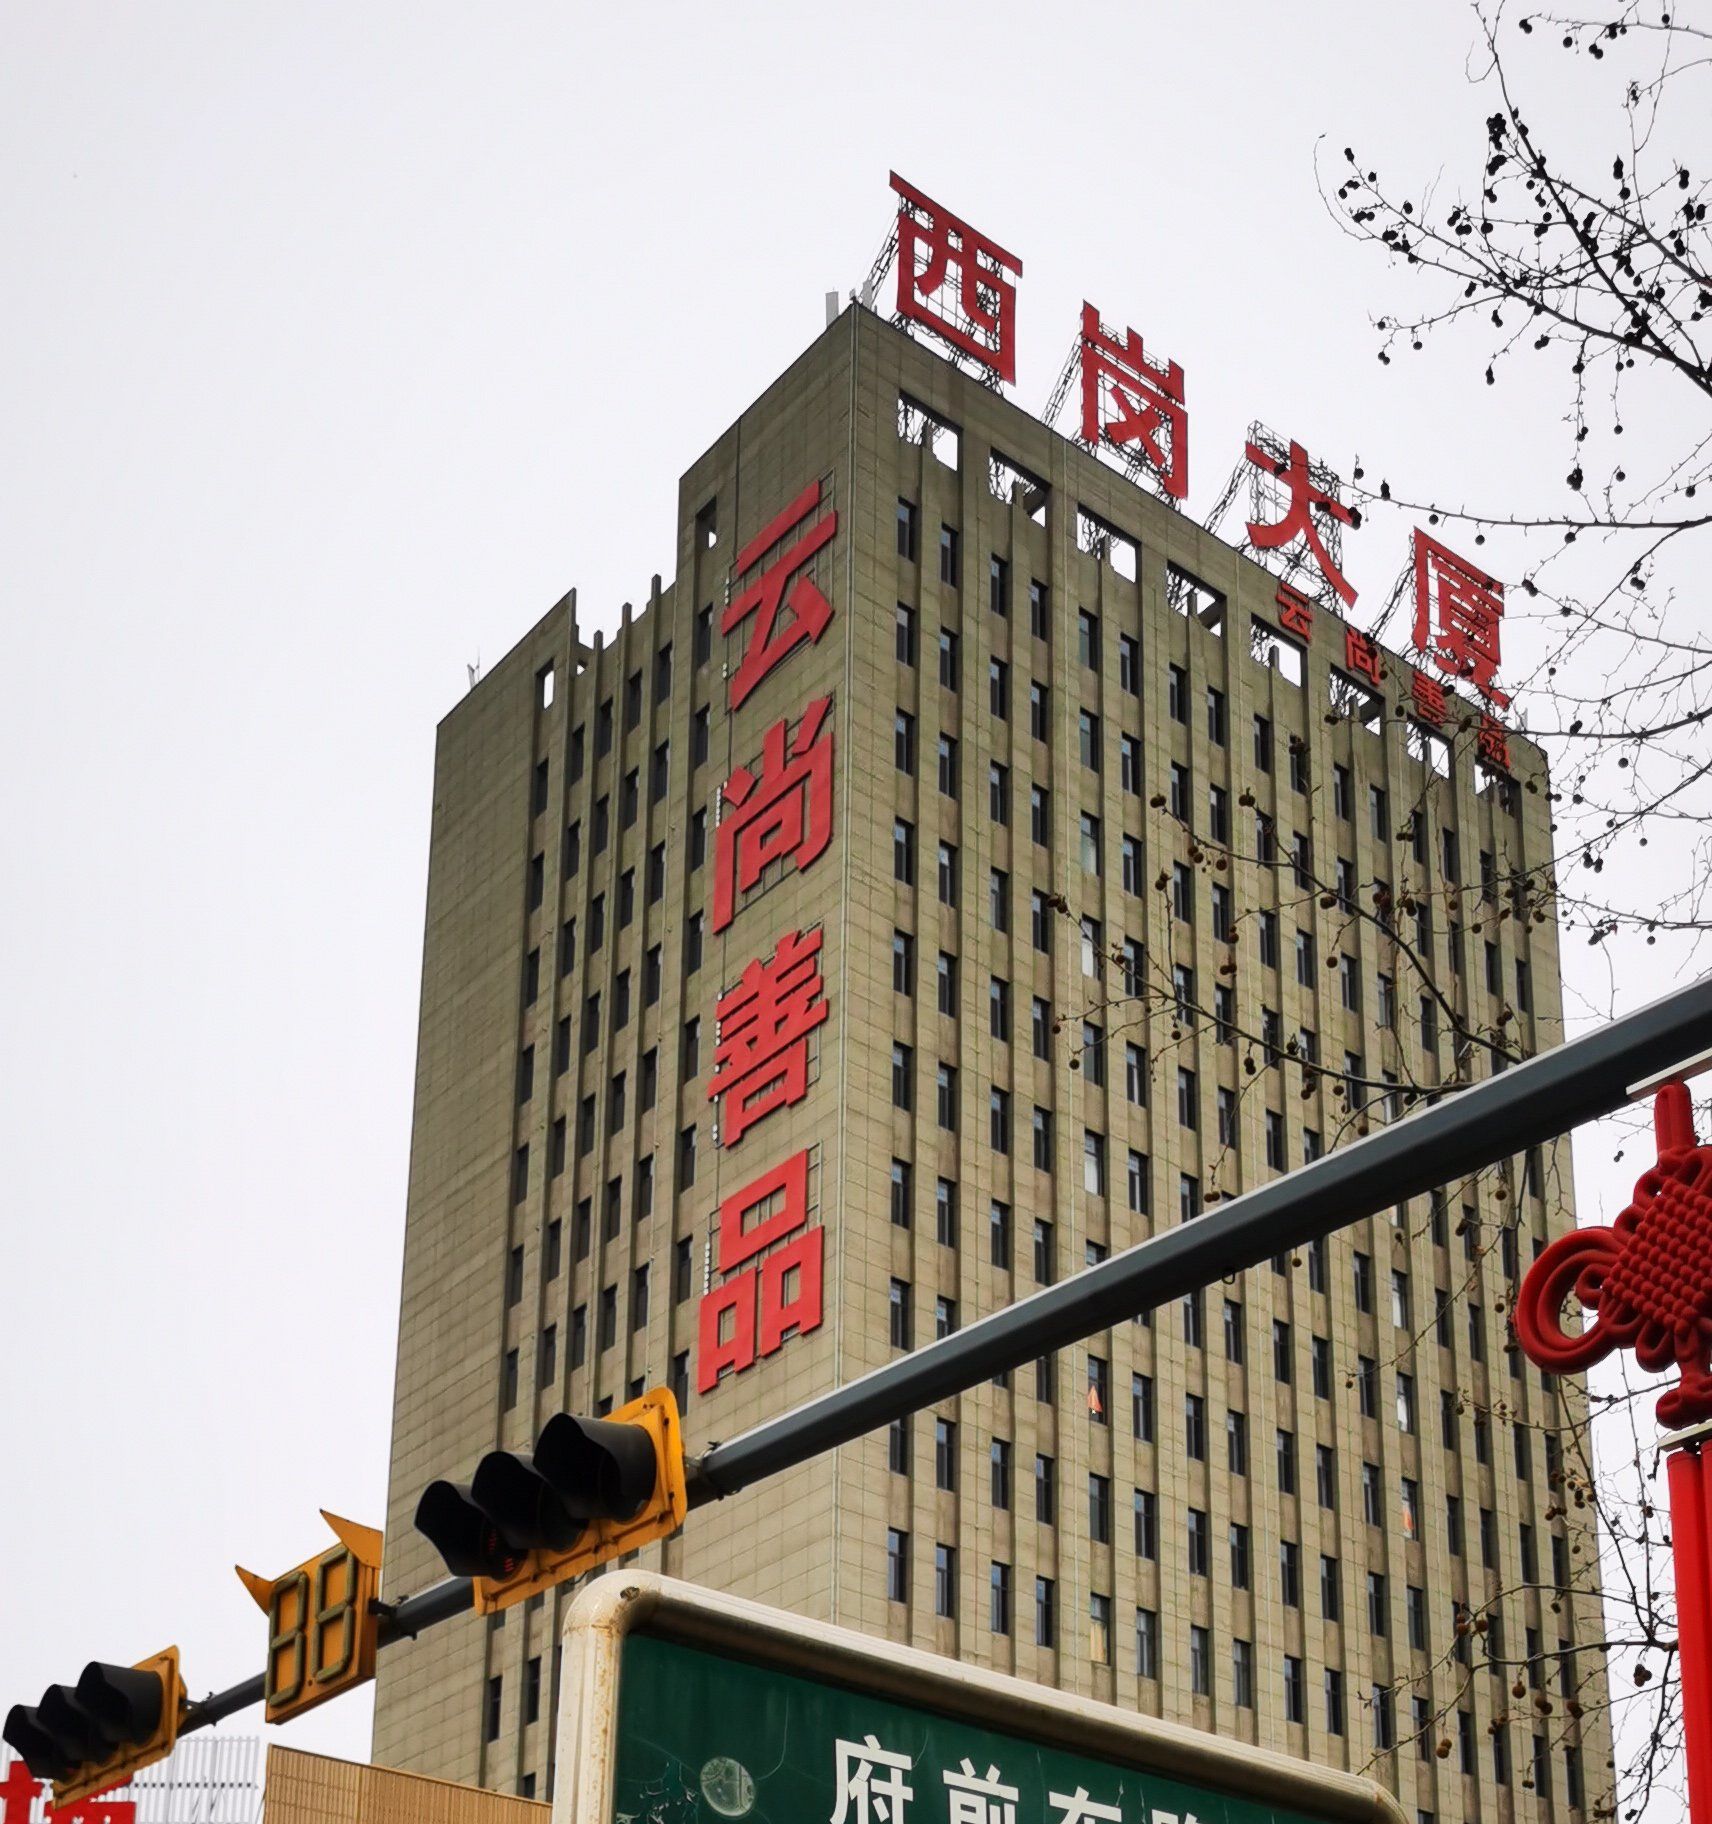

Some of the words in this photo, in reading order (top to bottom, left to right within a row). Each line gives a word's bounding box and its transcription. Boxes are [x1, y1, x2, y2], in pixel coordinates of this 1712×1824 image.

[889, 170, 1511, 709] 西岗大厦
[698, 479, 838, 1395] 云尚善品
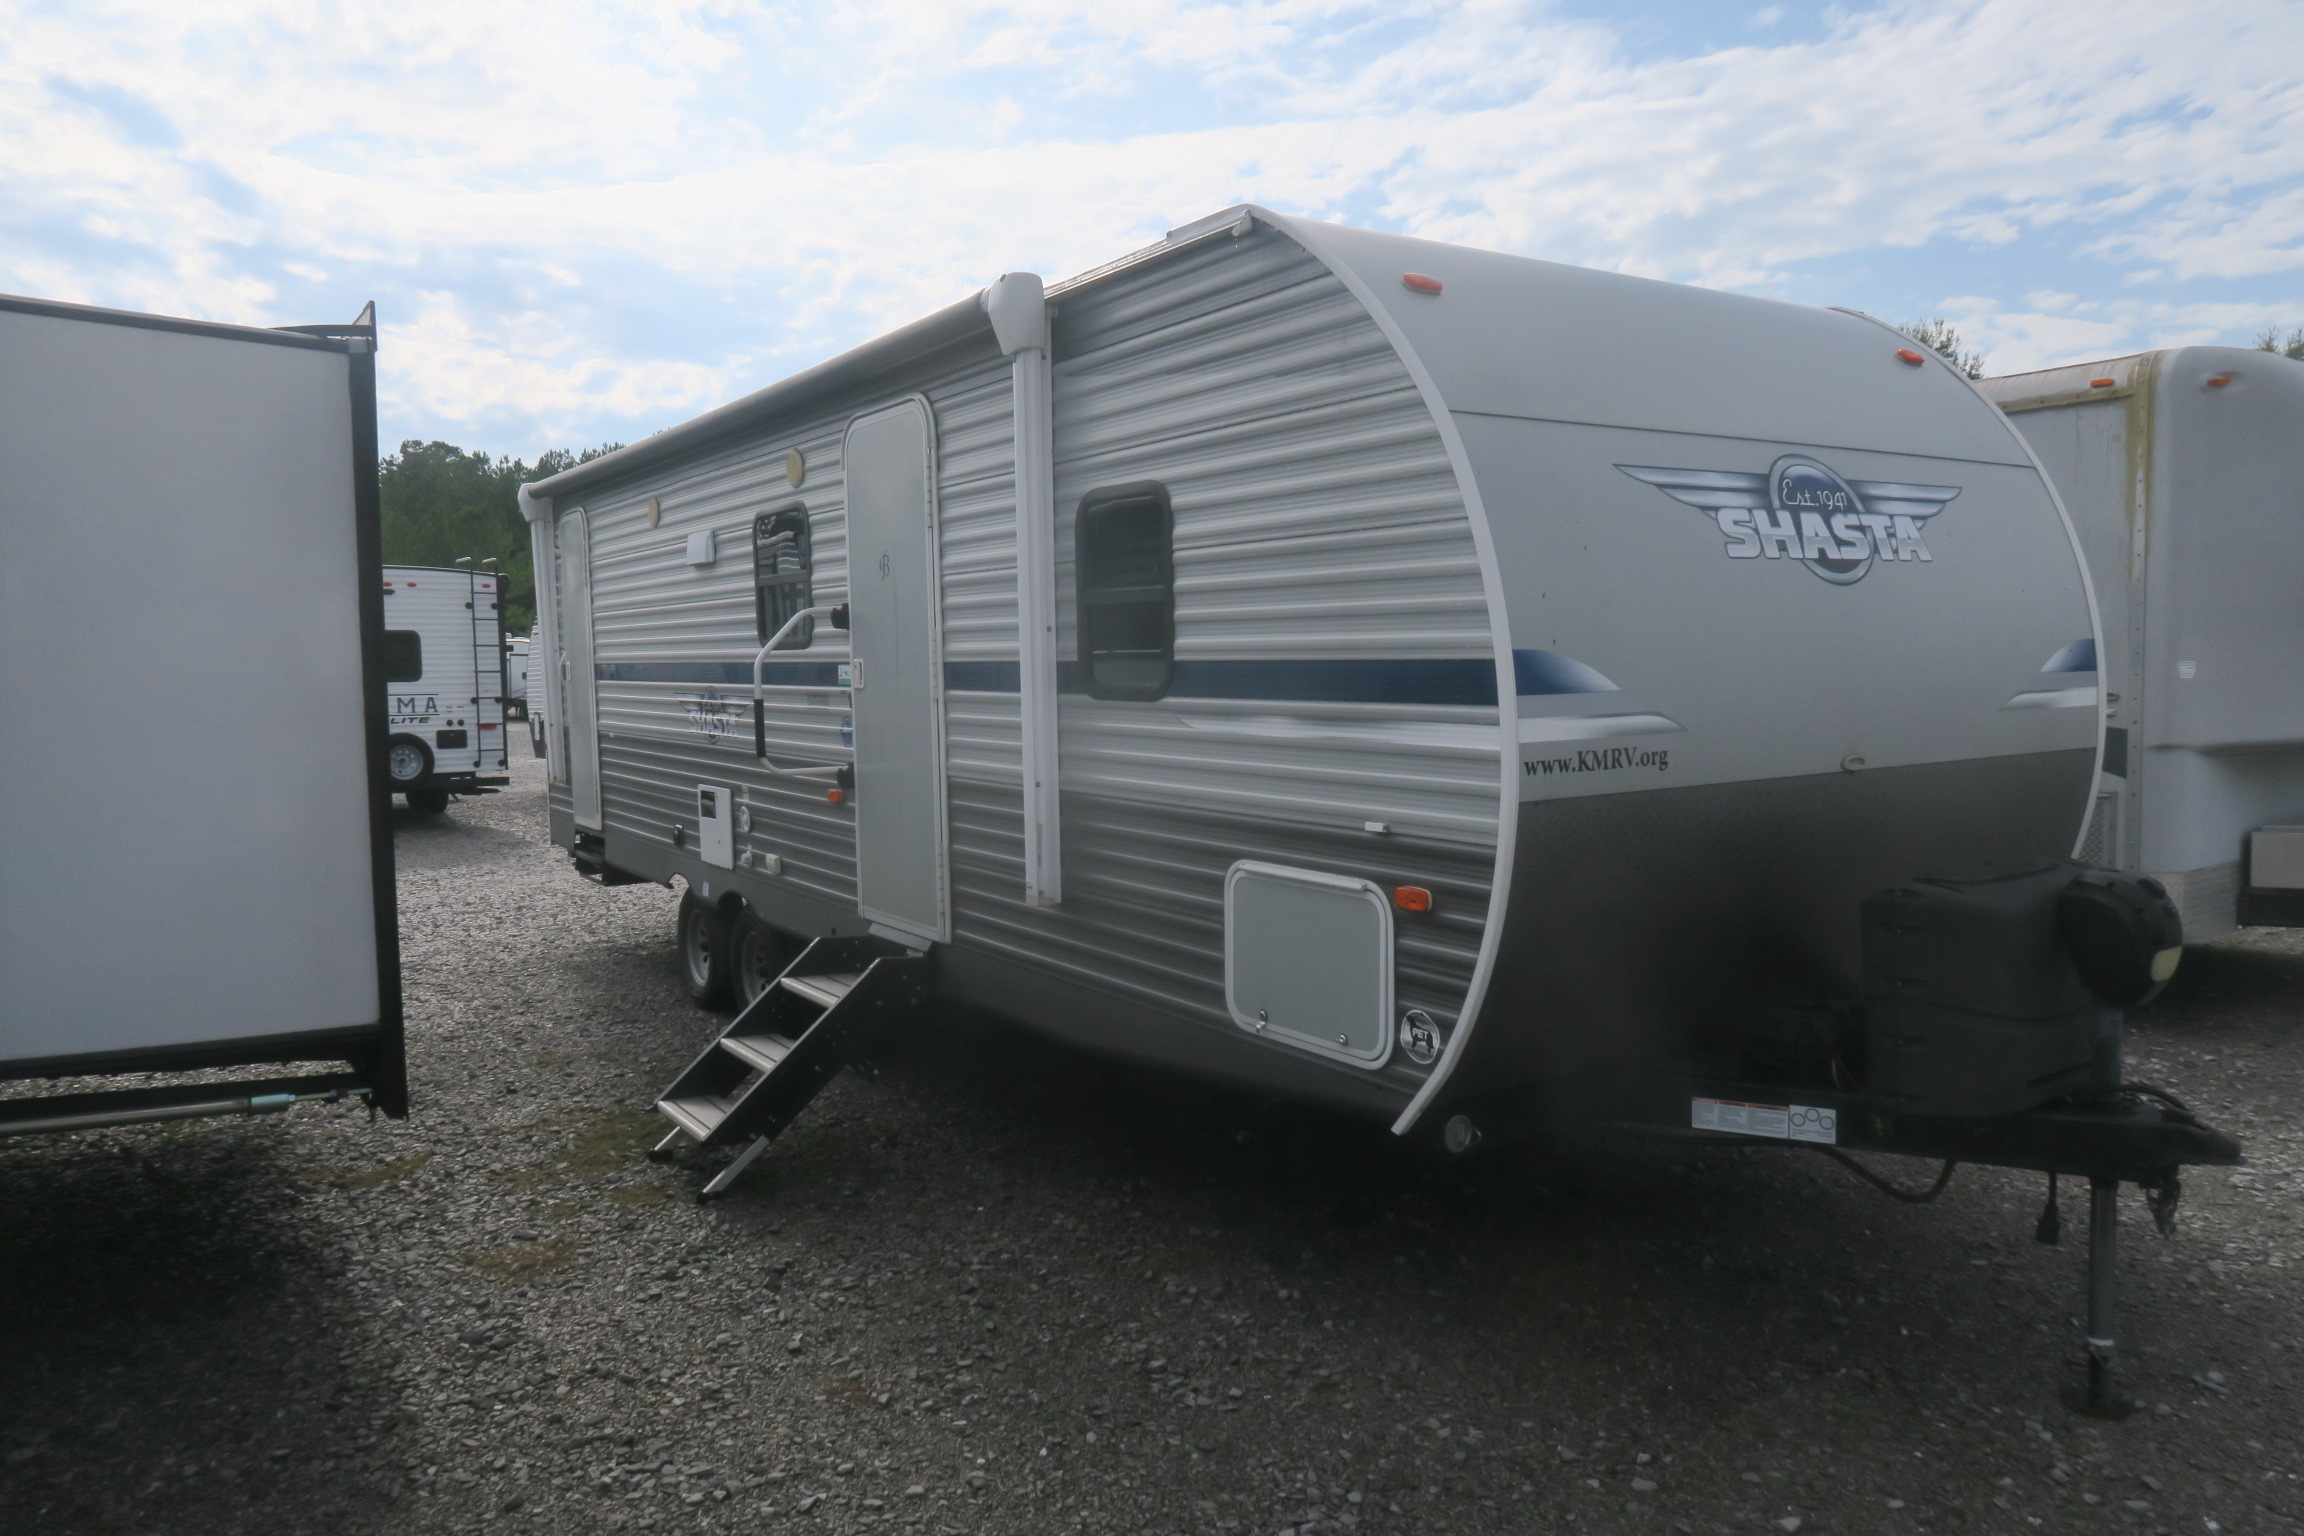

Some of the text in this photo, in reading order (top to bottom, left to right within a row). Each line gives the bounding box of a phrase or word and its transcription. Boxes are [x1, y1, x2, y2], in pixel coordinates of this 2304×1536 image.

[1716, 506, 1933, 562] SHASTA
[396, 696, 439, 713] MA
[390, 716, 431, 724] LITE
[1523, 747, 1669, 777] www.KMRV.org
[1411, 1027, 1429, 1040] PET
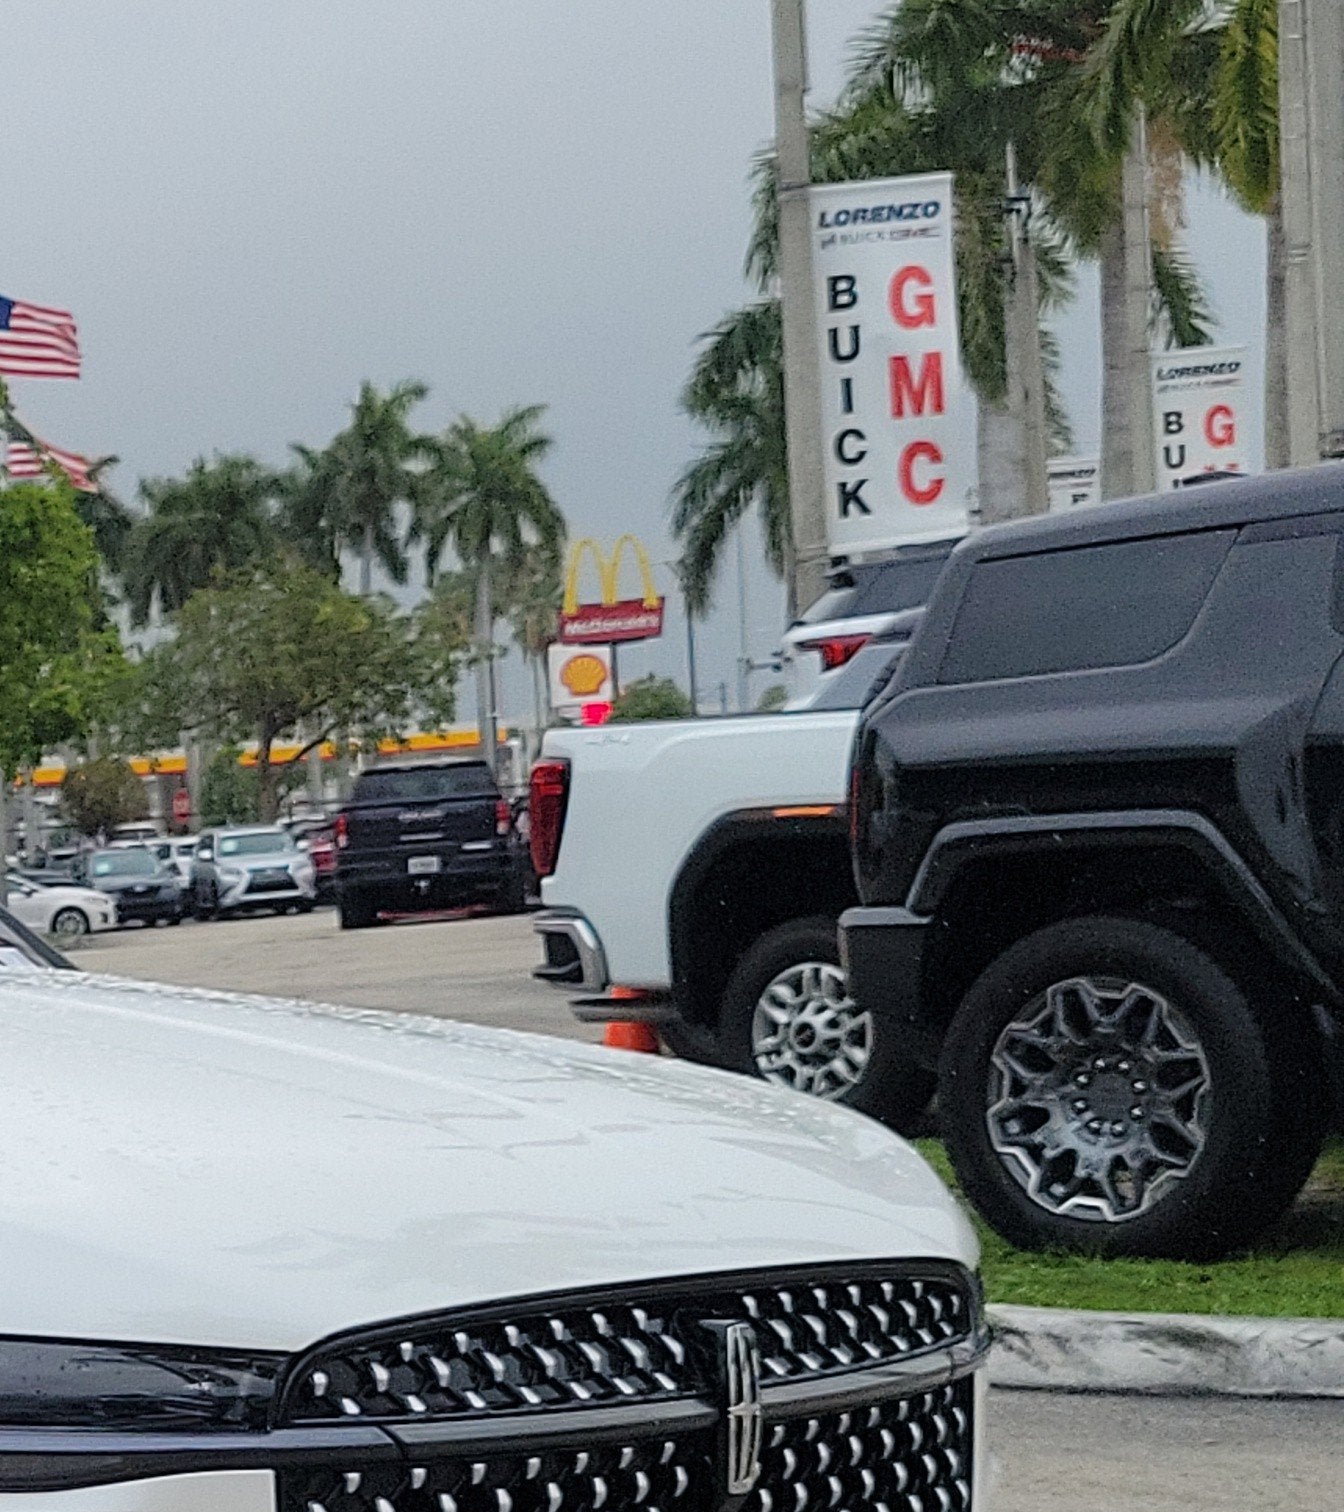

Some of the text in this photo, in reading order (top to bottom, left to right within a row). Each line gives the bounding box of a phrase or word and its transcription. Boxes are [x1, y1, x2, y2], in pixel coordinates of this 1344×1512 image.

------------

Copy the lines of the records, beginning where the line containing "this 2304×1536 image." appears and continuing through the final line, exactly and with no pictures.

PROBLEM SOLUTION.
Some of the text in this photo, in reading order (top to bottom, left to right within a row). Each line gives the bounding box of a phrase or word and its transcription. Boxes are [x1, y1, x2, y2], in pixel coordinates of this 2304×1536 image.

[1716, 506, 1933, 562] SHASTA
[396, 696, 439, 713] MA
[390, 716, 431, 724] LITE
[1523, 747, 1669, 777] www.KMRV.org
[1411, 1027, 1429, 1040] PET

Some of the text in this photo, in reading order (top to bottom, left to right within a row). Each line gives the bounding box of a phrase or word and its transcription. Boxes are [x1, y1, x2, y2], in pixel coordinates of this 1344×1512 image.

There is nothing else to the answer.